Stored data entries
--
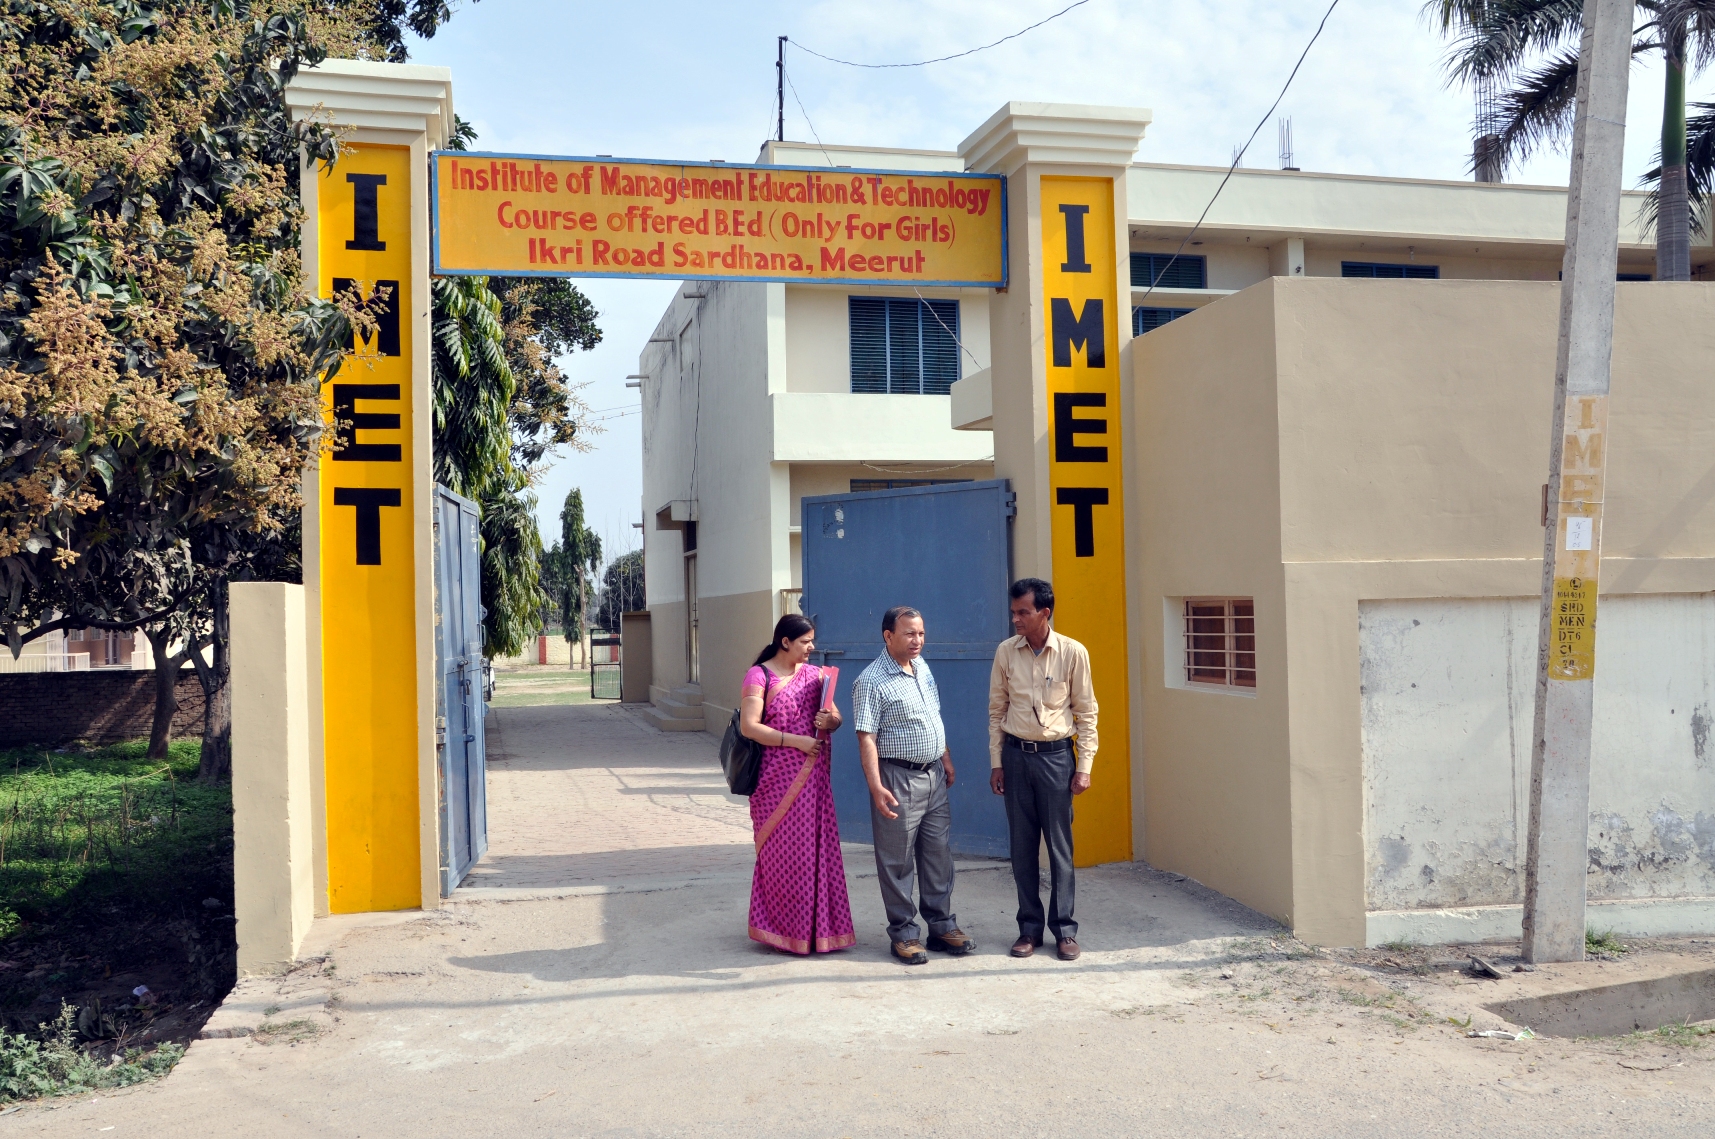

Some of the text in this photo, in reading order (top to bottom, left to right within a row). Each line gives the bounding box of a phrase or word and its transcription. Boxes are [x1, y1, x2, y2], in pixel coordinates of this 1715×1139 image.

[451, 159, 558, 194] Institute
[565, 165, 594, 195] of
[600, 166, 744, 205] Management
[497, 200, 598, 232] Course
[606, 204, 709, 236] offered
[528, 237, 926, 275] Ikri Road Sardhana, Meerut
[332, 173, 402, 565] IMET
[1051, 204, 1109, 557] IMET
--
# [EXERCISE INSTRUCTIONS]
When you copy the records above, keep every word exact but leave out the pictures.

# [ANSWER SPACE]
Some of the text in this photo, in reading order (top to bottom, left to right within a row). Each line gives the bounding box of a phrase or word and its transcription. Boxes are [x1, y1, x2, y2], in pixel coordinates of this 1715×1139 image.

[451, 159, 558, 194] Institute
[565, 165, 594, 195] of
[600, 166, 744, 205] Management
[497, 200, 598, 232] Course
[606, 204, 709, 236] offered
[528, 237, 926, 275] Ikri Road Sardhana, Meerut
[332, 173, 402, 565] IMET
[1051, 204, 1109, 557] IMET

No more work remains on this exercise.